Fernanda Dearo defende que "O futuro não existe. Está nas mãos de quem está a fim de fazer". Nome de referência na captação de recursos para projetos e famosa por ter criado um método próprio, ela estará em Fortaleza, amanhã, para participar da primeira edição do Seminário Cearense de Captação de Recursos para Produtoras Culturais, ONGs e Artistas - que será realizado no Museu da Fotografia. O evento ainda terá as participações da consultora Ívina Passos, da assessora de marketing Mônika Vieira e da assistente social Jailma Rodrigues. Na centralidade das discussões estará a captação de recursos para além dos incentivos fiscais. O POVO entrevistou Fernanda, por email, sobre os erros mais comuns da área e o futuro da cultura.

O POVO - Na sua avaliação, quais os erros mais comuns de quem elabora e de quem capta recursos na área?

Fernanda Dearo - Não ter material bom de apresentação do seu projeto; não ter um plano B caso não capte na primeira estratégia; não saber mensurar valores de retorno e contrapartida de cotas de patrocínio; bater de porta em porta sem planejamento e sem conhecer mercado; não conhecer o projeto profundamente para estar seguro numa apresentação; achar que pode elaborar um projeto temático sozinho; achar que vai captar recursos do dia para a noite; não ter um plano de execução do projeto com ameaças e previsões do que pode dar certo ou errado e quais as saídas.

O POVO - Vi uma frase atribuída a você que diz: "Por incrível que pareça, não falta dinheiro para patrocínios e bons projetos. Faltam projetos bem escritos, planejados, baseados em estatísticas de mercado". Na sua visão, o que é um bom projeto?

Fernanda Dearo - Um bom projeto é aquele que tem bom proponente experiente naquilo que pretende fazer o que ainda está no papel. E que tenha equipe multidisciplinar na sua elaboração garantindo a melhor metodologia e execução. Que tenha um cronograma realista e um orçamento honesto. Que tenha equipe especialista na execução e que ofereça contrapartida justa para quem investir.

O POVO - Você desenvolveu uma metodologia própria de captação de recursos. Poderia explicar como funciona esta metodologia?

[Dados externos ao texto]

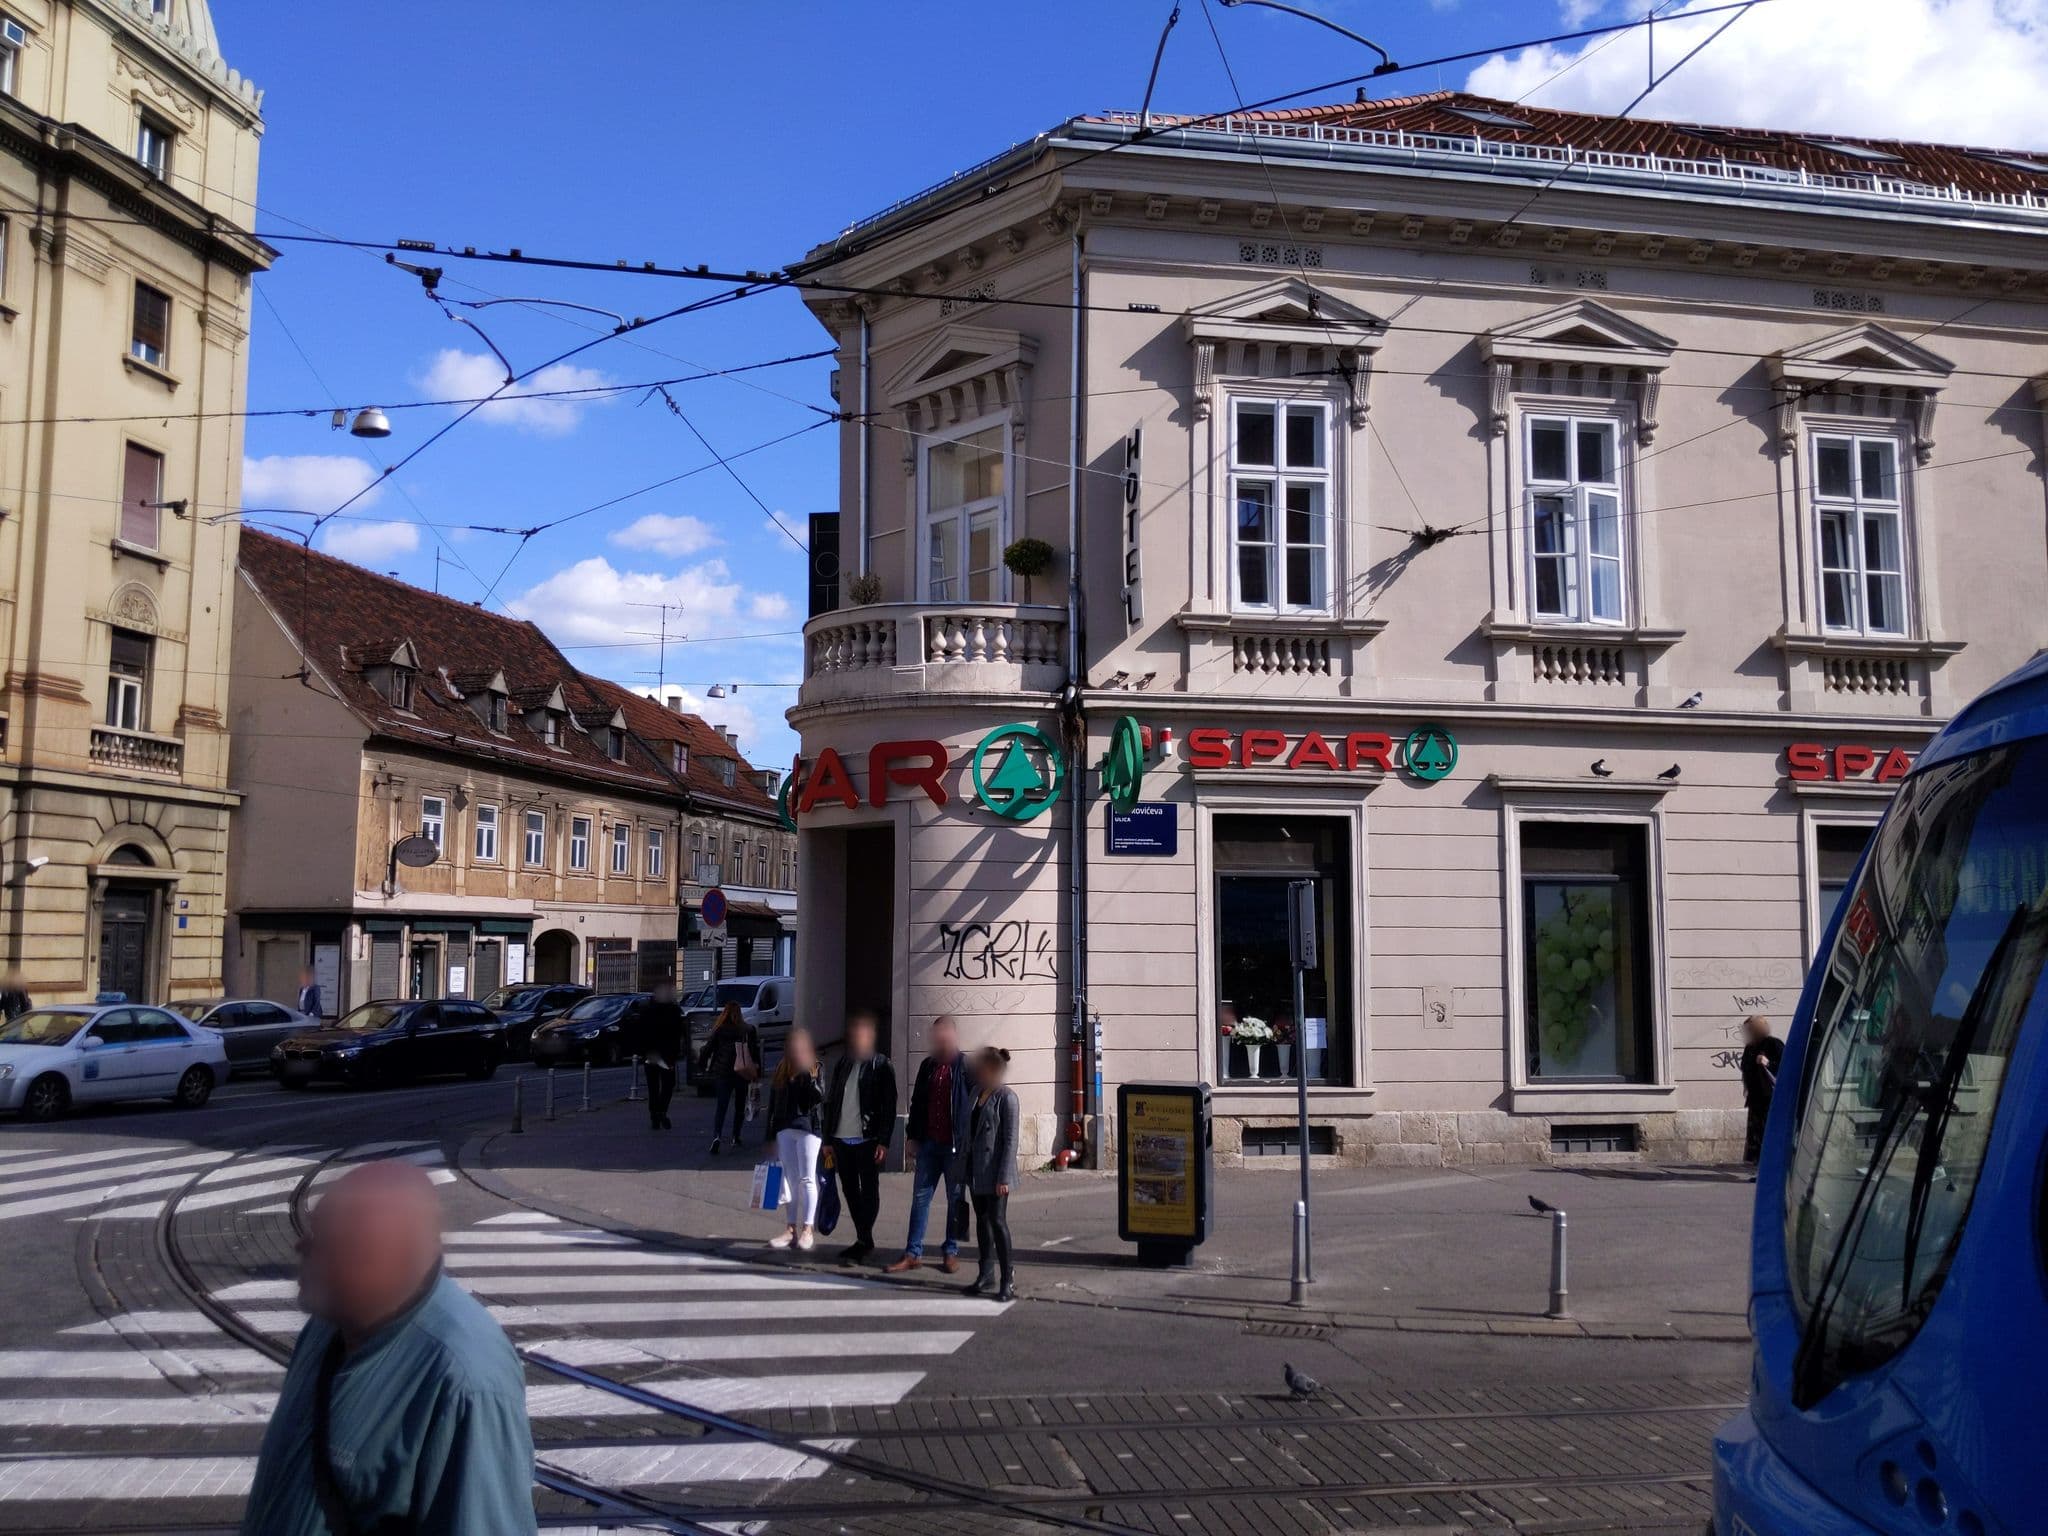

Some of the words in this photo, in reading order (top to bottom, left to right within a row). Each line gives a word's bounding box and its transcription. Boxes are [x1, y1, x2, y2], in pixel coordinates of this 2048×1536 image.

[1126, 428, 1141, 626] HOTEL
[791, 740, 949, 814] AR
[1188, 728, 1393, 772] SPAR
[1788, 743, 1911, 783] SPA
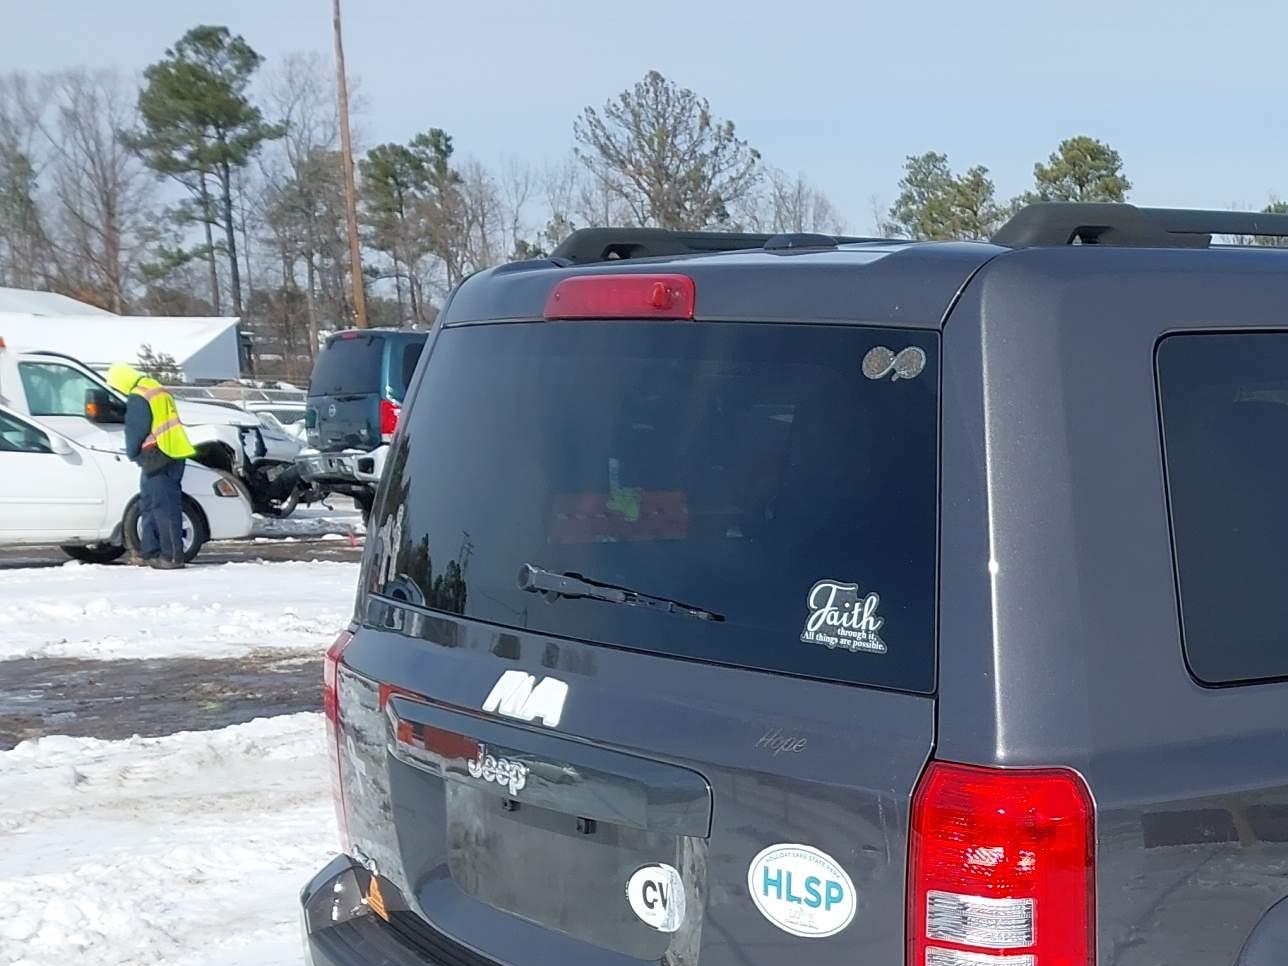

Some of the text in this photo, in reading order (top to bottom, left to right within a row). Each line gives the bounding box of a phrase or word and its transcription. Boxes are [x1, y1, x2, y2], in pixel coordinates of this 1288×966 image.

[807, 583, 881, 631] Faith
[803, 631, 885, 651] All things are possible.
[837, 627, 866, 641] through
[755, 728, 807, 757] Hope
[468, 744, 527, 796] Jeep
[763, 865, 844, 911] HLSP
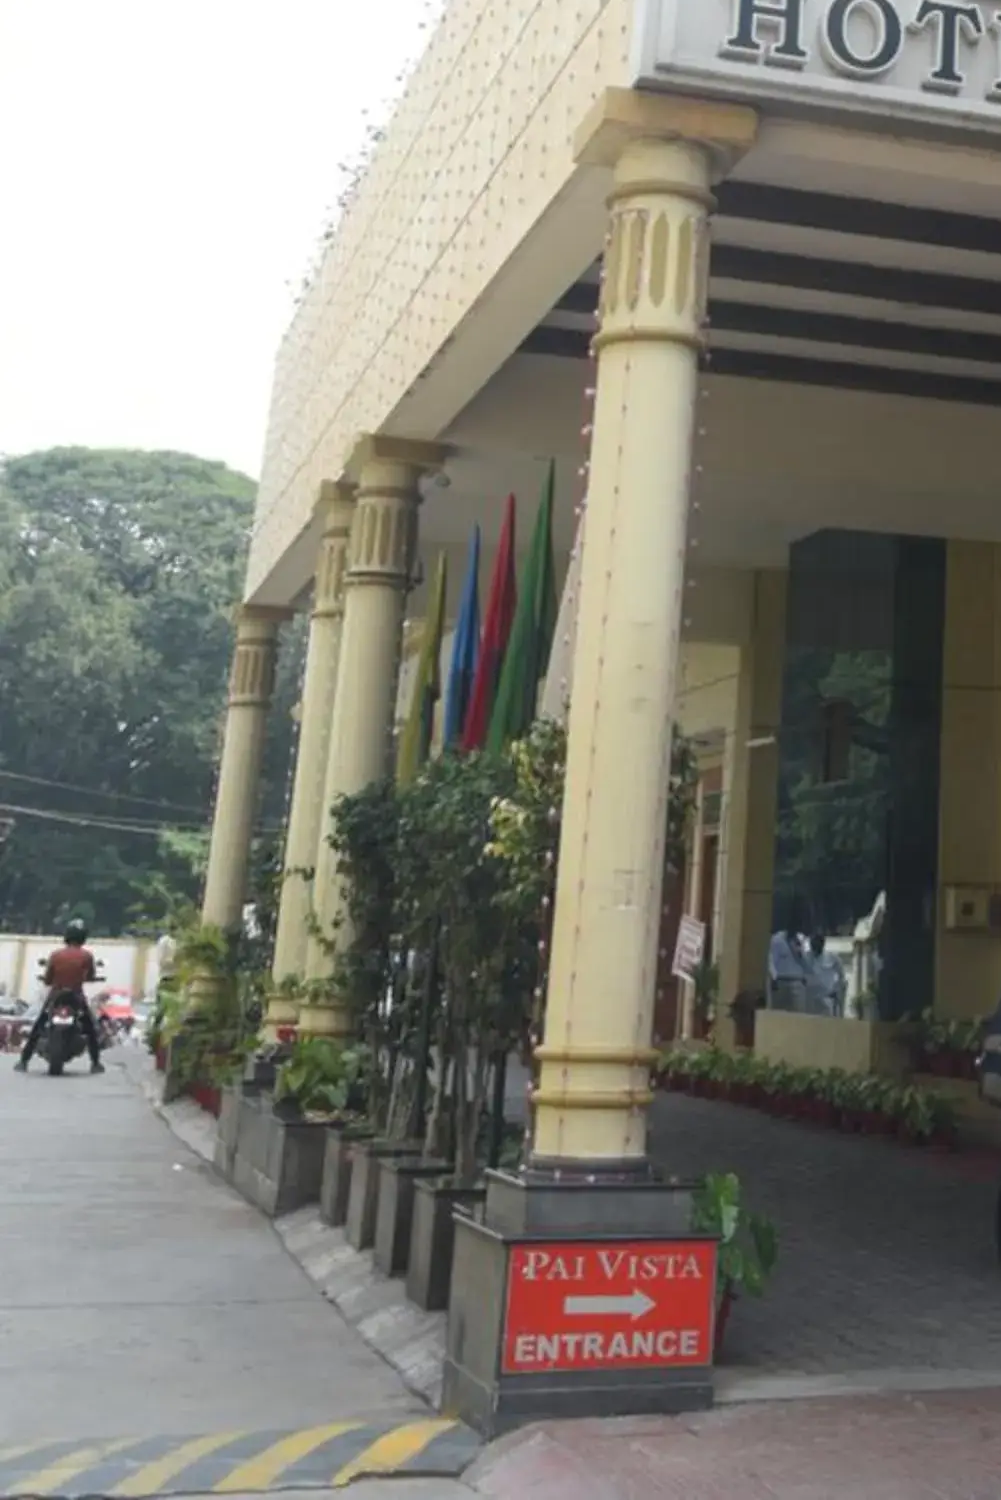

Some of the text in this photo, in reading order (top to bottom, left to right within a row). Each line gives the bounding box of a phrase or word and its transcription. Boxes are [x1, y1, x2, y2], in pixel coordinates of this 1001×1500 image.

[522, 1250, 702, 1280] PAI VISTA
[514, 1330, 700, 1363] ENTRANCE
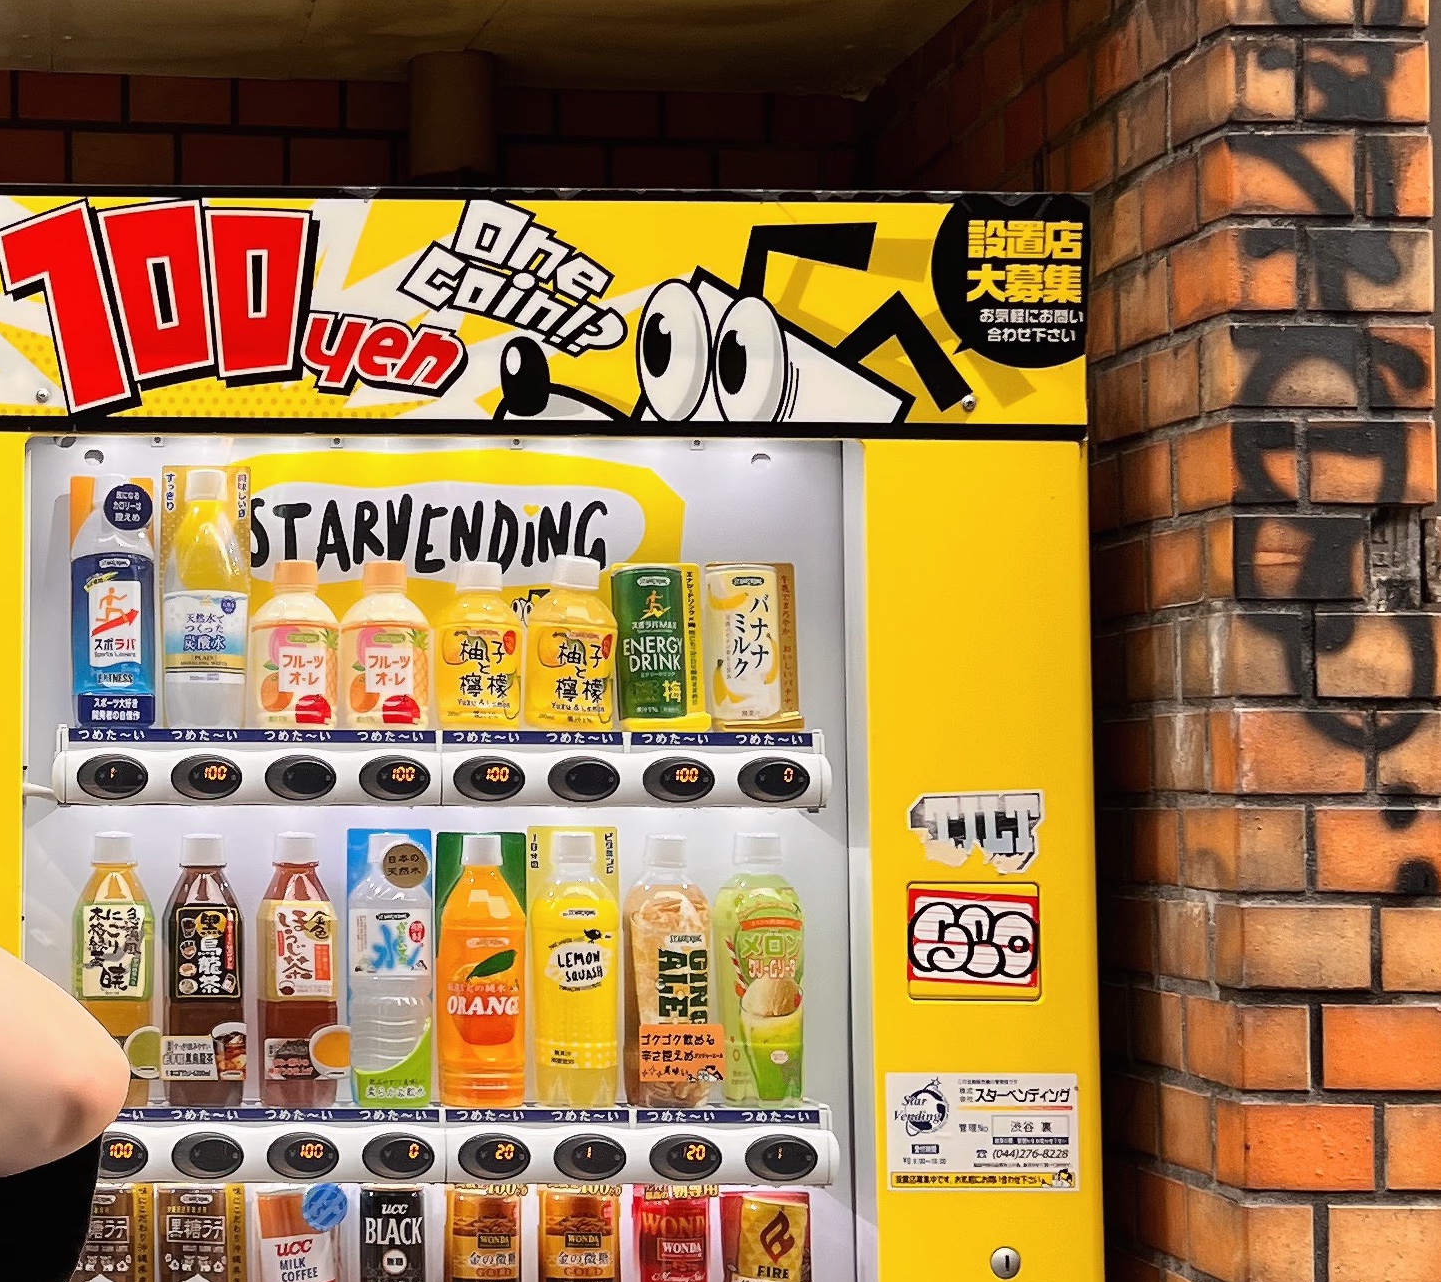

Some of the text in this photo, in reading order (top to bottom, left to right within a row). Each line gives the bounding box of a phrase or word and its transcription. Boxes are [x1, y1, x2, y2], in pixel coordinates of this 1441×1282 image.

[968, 220, 1083, 259] 設置店
[457, 197, 614, 300] One
[967, 264, 1082, 303] 大募集
[979, 308, 1084, 323] お気軽にお問い
[987, 327, 1076, 342] 合わせ下さい
[302, 312, 467, 394] yen
[750, 594, 769, 669] バナナ
[94, 638, 136, 651] スポラバ
[623, 637, 683, 655] ENERGY
[732, 613, 750, 679] ミルク
[282, 654, 324, 669] フルーツ
[369, 656, 410, 669] フルーツ
[628, 653, 682, 673] DRINK
[557, 950, 601, 969] LEMON
[565, 965, 604, 983] SQUASH
[658, 948, 689, 1017] ALE
[641, 1034, 715, 1046] ゴクゴク飲める
[902, 1095, 927, 1106] Star
[975, 1088, 1071, 1103] スターベンディング
[893, 1110, 943, 1123] Vending
[992, 1148, 1069, 1159] (044)276-8228
[381, 1204, 408, 1214] UCC
[169, 1219, 223, 1239] 黒糖ラテ
[365, 1217, 423, 1245] BLACK
[275, 1238, 313, 1257] UCC
[662, 1242, 701, 1253] WONDA
[279, 1257, 306, 1271] MILK
[281, 1266, 318, 1282] COFFEE
[476, 1268, 512, 1277] GOLD
[564, 1267, 603, 1277] GOLD
[758, 1266, 789, 1279] FIRE

Fernanda Dearo - A metodologia é simples e envolve os seguintes passos: avaliação do projeto para saber se está pronto para ir ao mercado e se o proponente está preparado para assumir sua execução caso capte o total ou somente parte dele; estudar mercado para ter uma noção se há dinheiro para isso ou interesse para isso; montar um plano de captação: estratégia, material de apresentação, discurso, margem de negociação, marcas que interessam, marcas ou organizações que não interessam, comunicação durante a captação; na execução, avaliar como a estratégia está se comportando para decidir como continuar; planejar fidelização e prestação de contas, refinanciamento e entrega a mais pro patrocinador.

O POVO - É possível desenvolver grandes projetos na área da cultura sem as leis de incentivo?

Fernanda Dearo - É possível sim! Para todo tipo de projeto. Mas é preciso ter dedicação e entender que captação de recursos é profissão e precisa de dedicação integral! Não é atividade extra.

O POVO - Em 25 anos de experiência, o que mais mudou nesse trabalho de captar recursos para projetos?

Fernanda Dearo - O nível de exigência dos patrocinadores. Principalmente no que diz respeito ao que é mais difícil de mensurar: impacto social - no que o dinheiro realmente se transformou e as entregas do projeto. O que permanece inalterado: não se capta do dia para a noite, e é preciso ter um profissional dedicado integralmente. Captar é atividade frequente.

O POVO - Você também desenvolve muitos projetos no exterior. Se comparado a outros mercados, em que situação está o Brasil em relação ao financiamento de bens culturais?

Fernanda Dearo - O Brasil está atrasado. Cultura é vista como luxo e os patrocinadores geralmente só enxergam a parte comercial, muito poucas empresas realmente tem a intenção de apoiar para fazer o bem pelo País. Mas há grandes e incríveis marcas que fazem o contrário.

O POVO - Que avaliação você faz das mudanças recentes na Lei Rouanet? Em que pontos elas foram positivas e em que pontos foram negativas?

Fernanda Dearo - Acredito que toda mudança que envolve além de você deva ser pesquisada e consultada com calma para que o impacto seja positivo e, realmente, cumpra a missão da mudança proposta. A grosso modo, mesmo cumprindo esse processo com cuidado, considero a maioria das mudanças positivas por dois fatores: comprovar para os dependentes de uma única fonte de recurso que é um risco alto depender mais que 30% da mesma fonte recurso; e forçar as empresas a apoiarem mais projetos e com isso beneficiar mais pessoas.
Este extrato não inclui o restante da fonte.